Hospital CEOs and purchasing groups, rather than physicians, are making final purchase decisions, representing a fundamental change in the way capital equipment is purchased. Orthopedic surgeons are the last group to become cost-conscious, according to hospital administrators.

Many surgeons continue to urge hospitals to purchase expensive advanced technology that may not be cost-effective in today’s or tomorrow’s environment.

Cost containment already is a major issue in selling to hospitals, according to industry executives. Today’s sales pitch stresses cheaper units and value-added services. For example, Ethicon Endo-Surgery, Cincinnati, Ohio, emphasizes its surgeon training center.

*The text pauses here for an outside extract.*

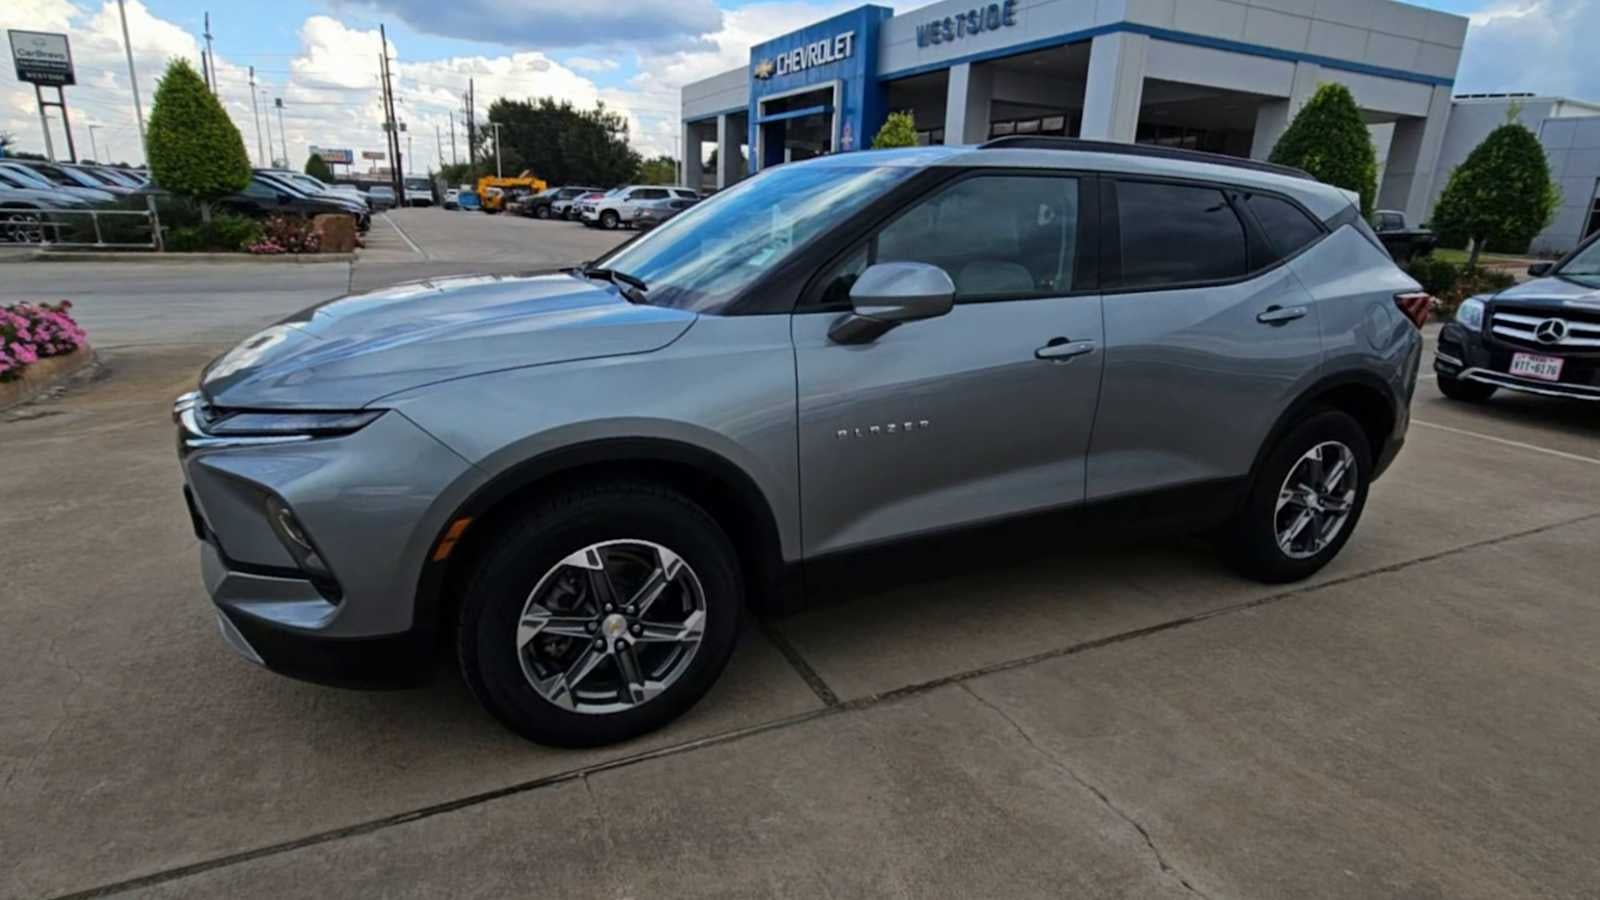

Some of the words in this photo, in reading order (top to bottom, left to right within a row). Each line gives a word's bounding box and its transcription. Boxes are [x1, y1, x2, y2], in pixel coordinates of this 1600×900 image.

The facility was built after Ethicon noticed the poor training surgeons received when laparoscopic instruments first hit the market. Much of that training occurred during a weekend stay at a hotel, said William Weldon, president of Ethicon Endo-Surgery. The center now is used to instruct surgeons on how to properly use Ethicon instruments.

Stuart Medical Inc., Greensburg, Pa., also focuses on specialized service. The company used a computer tracking system to discover that only 26% of supplies for multi-hospital system Yankee Alliance, Andover, Mass., were purchased through materials managers. The rest were ordered through individual departments with a whopping 41% ordered by operating room facilities.

Stuart’s also convinced Yankee Alliance materials managers to provide monthly stock status reports to central administration. Materials managers had refused to share the reports containing all items ordered and their purchase price. “It was like pulling teeth,” Yankee Alliance president Paul O’Neill recalled.

Administrators from both Stuart’s and Yankee visited all 14 acute care hospitals–in person–and explained the need for the report. The personal touch is what convinced materials managers to share their reports.

The alliance used the reports to cut costs. For example, one hospital was paying $2.42 a pair for slippers that other hospitals purchased for 53 cents, O’Neill said. This could not have been detected without the monthly report.

Although anxiety is the prevalent emotion regarding reforms, some executives are optimistic about potential partnerships and the new multi-hospital system customers. “How is the customer going to define distribution? Will it be segmented by commodity or be an integrated, internal system?

“Is it going to be product-oriented or process-oriented? I think there is a tremendous opportunity for new people and new opportunities in the market,” said Richard Byington, executive vice president and general manager of Stuart’s.